Prompt: Could you print each entry below verbatim while omitting the pictures?

Records to use:
◆ ◆ ◆ ◆

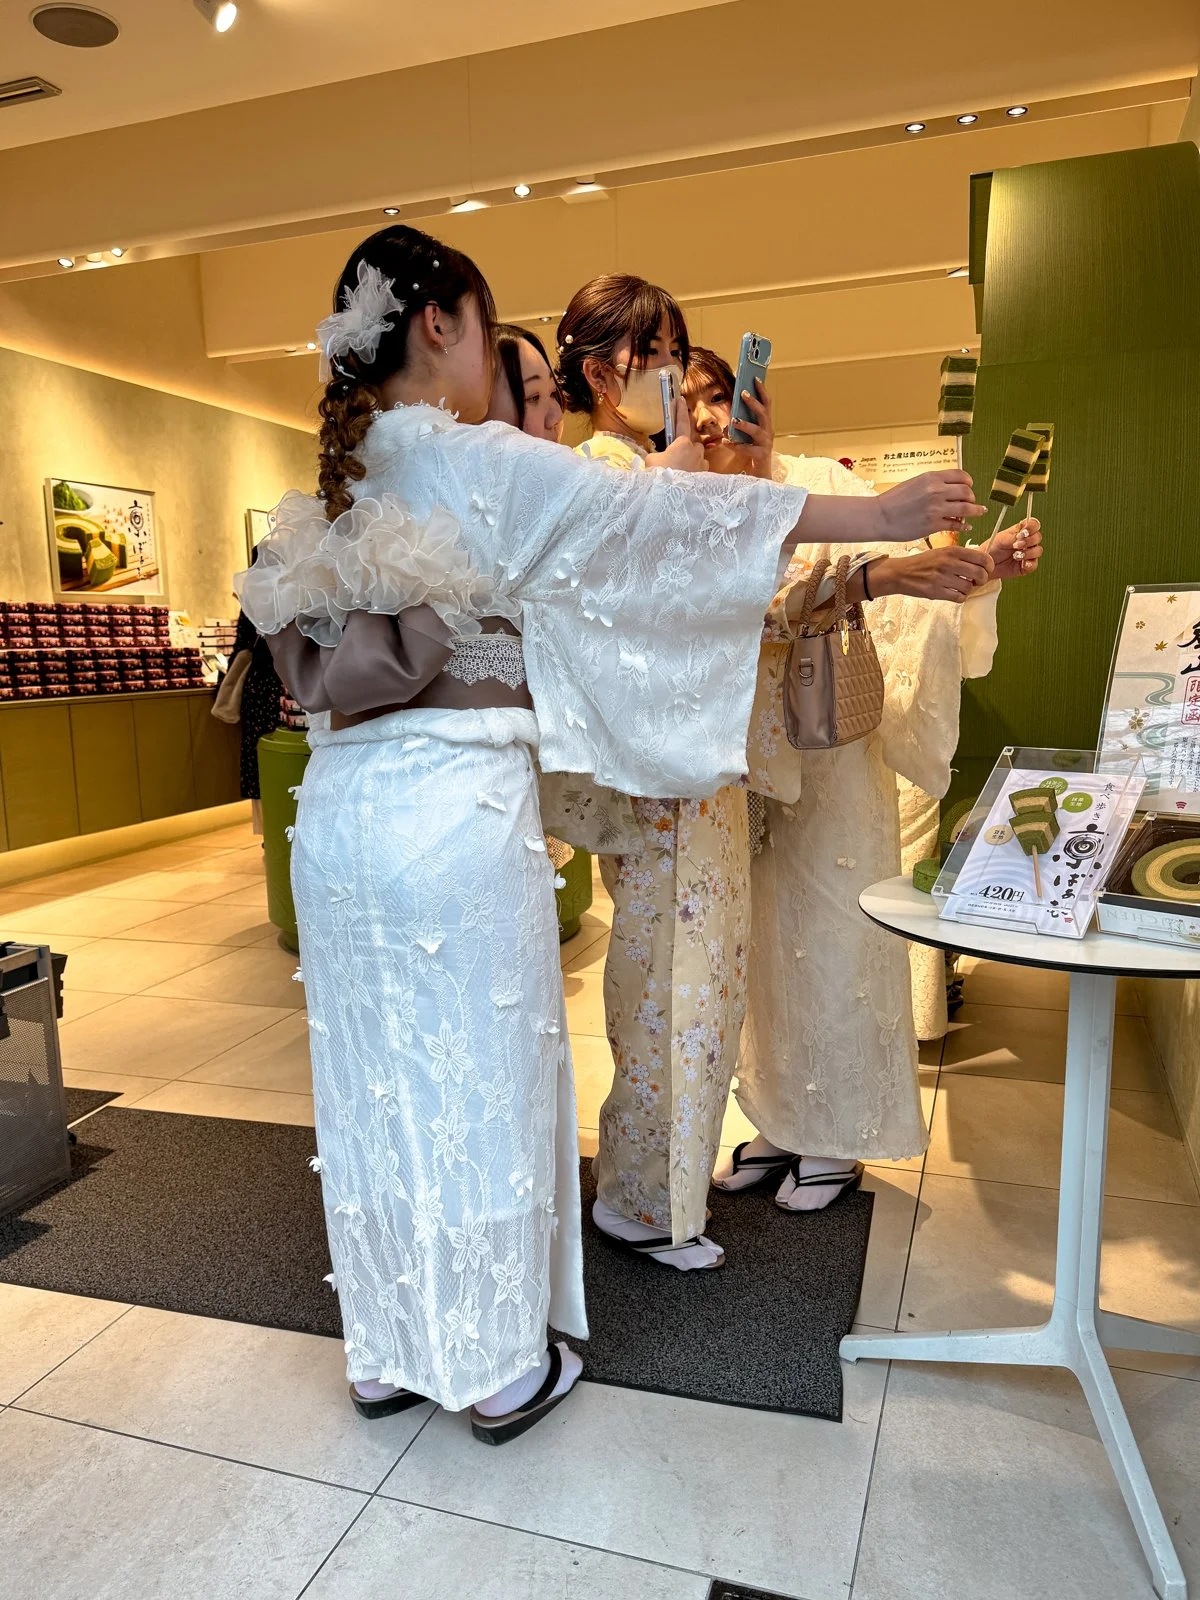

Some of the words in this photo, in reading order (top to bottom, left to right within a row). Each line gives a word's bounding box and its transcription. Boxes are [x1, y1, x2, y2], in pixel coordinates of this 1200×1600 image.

[884, 448, 957, 460] お土産は奥のレジへどう
[1092, 782, 1116, 821] 食べ歩き
[979, 884, 1025, 902] 420円
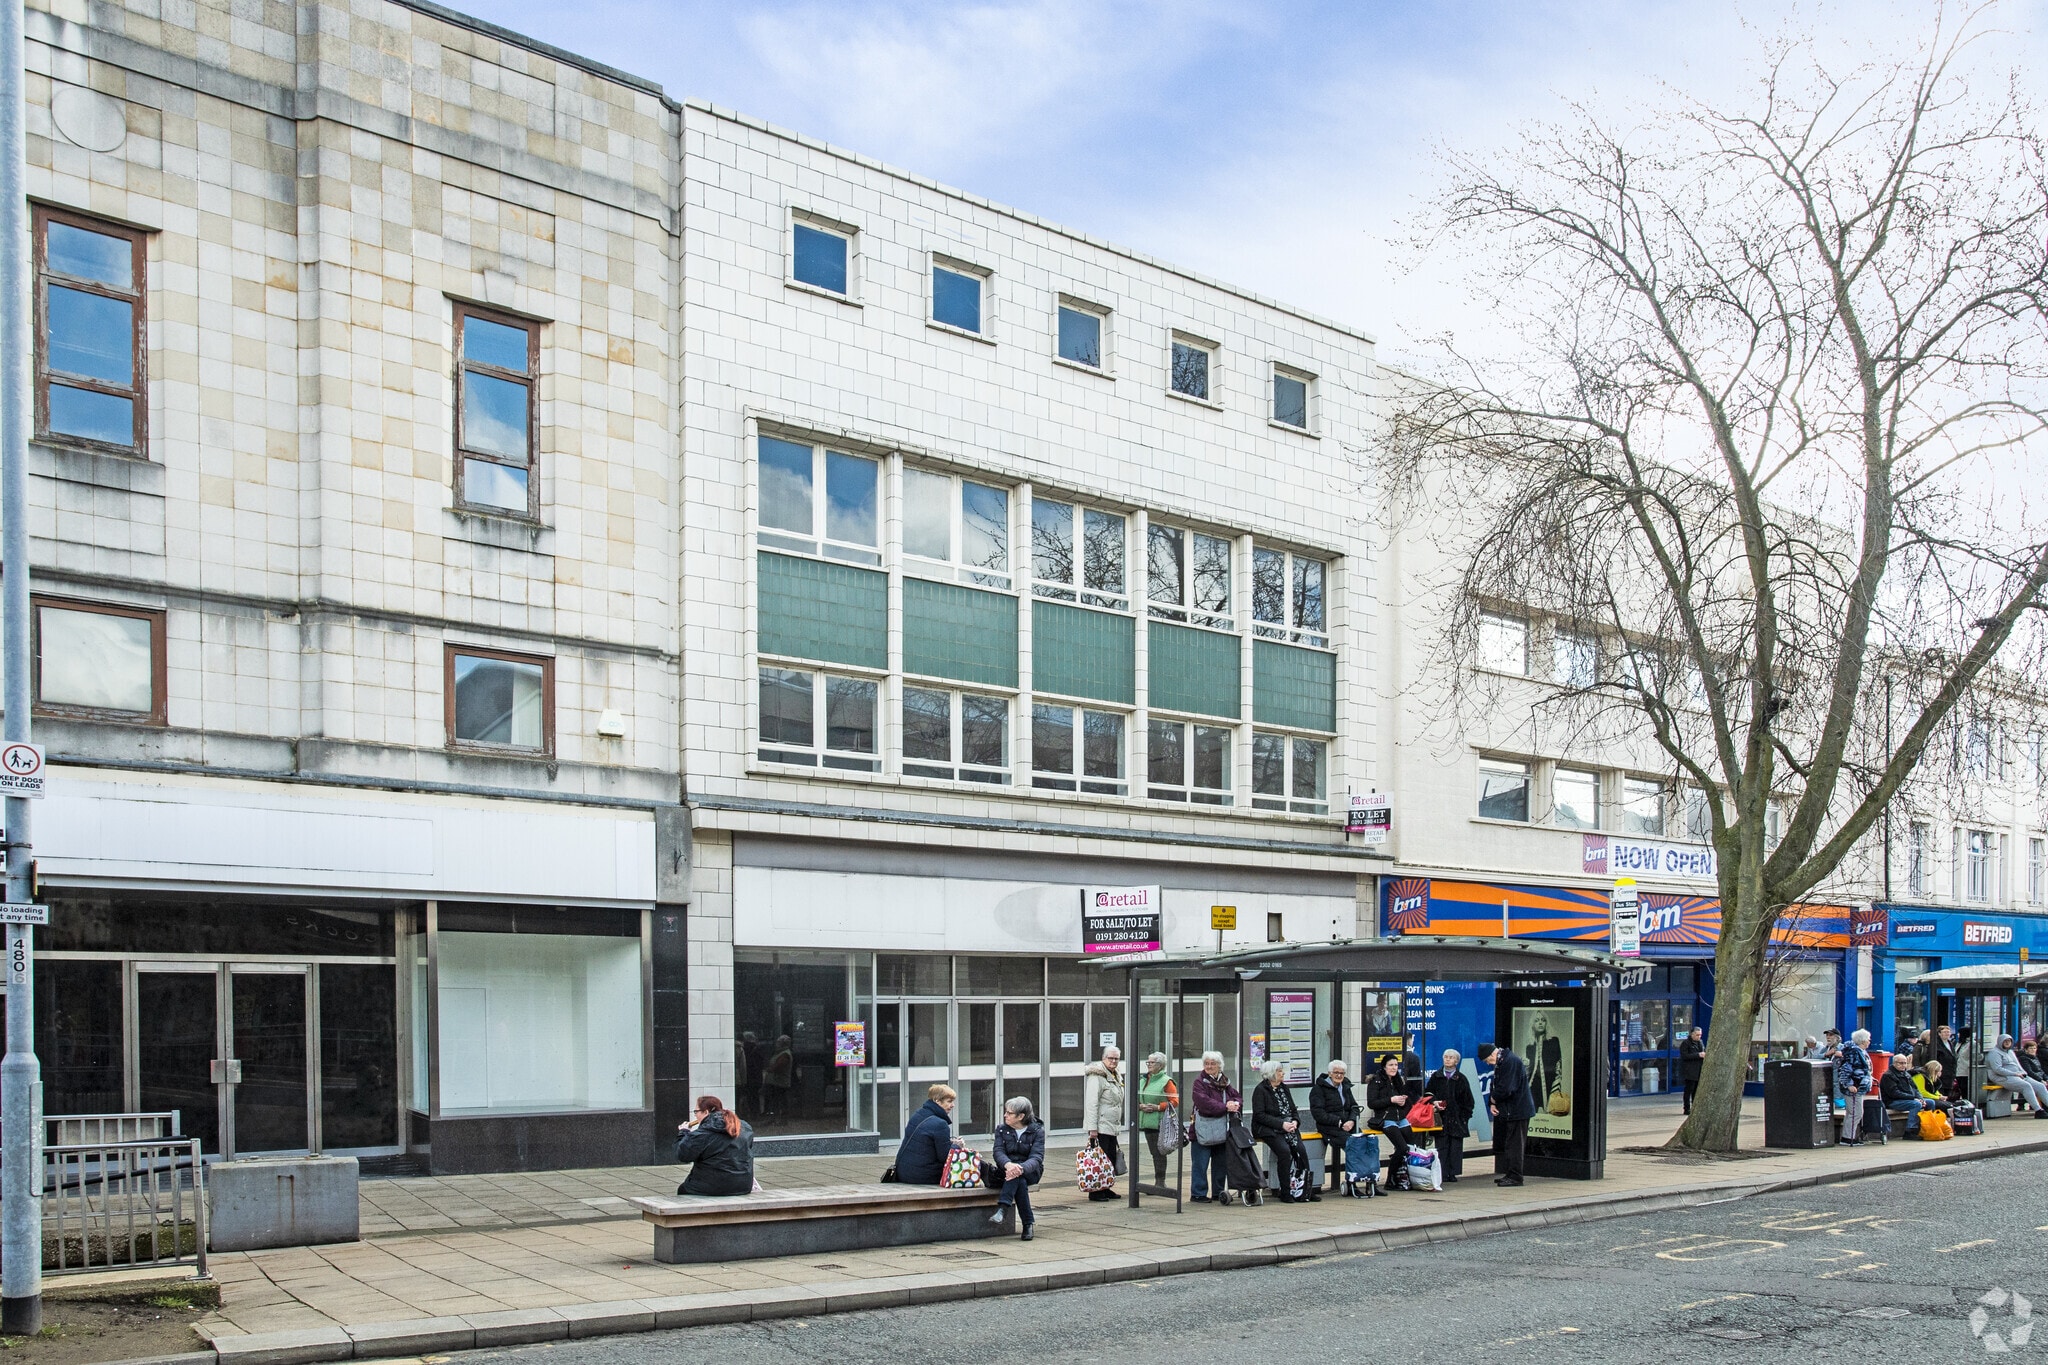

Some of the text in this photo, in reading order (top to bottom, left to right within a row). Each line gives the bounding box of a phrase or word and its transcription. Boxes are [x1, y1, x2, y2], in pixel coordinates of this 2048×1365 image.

[1352, 810, 1386, 819] TO LET
[1615, 845, 1712, 875] NOW OPEN
[1097, 889, 1149, 907] @retail
[11, 906, 43, 914] loading
[1090, 918, 1104, 929] FOR
[1138, 916, 1153, 927] LET
[1640, 902, 1681, 935] b&m
[1896, 925, 1935, 933] BETFRED
[1964, 924, 2012, 943] BETFRED
[1095, 931, 1149, 941] 0191 280 4120
[1095, 943, 1149, 951] www.atretail.co.uk
[1425, 985, 1445, 994] RINKS
[1272, 995, 1284, 1003] Stop
[1406, 1010, 1435, 1018] LEANNG
[1406, 1022, 1437, 1031] OILETRIES
[1535, 1125, 1571, 1135] rabanne

◆ ◆ ◆ ◆

Finished task:
Some of the words in this photo, in reading order (top to bottom, left to right within a row). Each line gives a word's bounding box and its transcription. Boxes are [x1, y1, x2, y2], in pixel coordinates of this 1200×1600 image.

[884, 448, 957, 460] お土産は奥のレジへどう
[1092, 782, 1116, 821] 食べ歩き
[979, 884, 1025, 902] 420円

Some of the text in this photo, in reading order (top to bottom, left to right within a row). Each line gives the bounding box of a phrase or word and its transcription. Boxes are [x1, y1, x2, y2], in pixel coordinates of this 2048×1365 image.

[1352, 810, 1386, 819] TO LET
[1615, 845, 1712, 875] NOW OPEN
[1097, 889, 1149, 907] @retail
[11, 906, 43, 914] loading
[1090, 918, 1104, 929] FOR
[1138, 916, 1153, 927] LET
[1640, 902, 1681, 935] b&m
[1896, 925, 1935, 933] BETFRED
[1964, 924, 2012, 943] BETFRED
[1095, 931, 1149, 941] 0191 280 4120
[1095, 943, 1149, 951] www.atretail.co.uk
[1425, 985, 1445, 994] RINKS
[1272, 995, 1284, 1003] Stop
[1406, 1010, 1435, 1018] LEANNG
[1406, 1022, 1437, 1031] OILETRIES
[1535, 1125, 1571, 1135] rabanne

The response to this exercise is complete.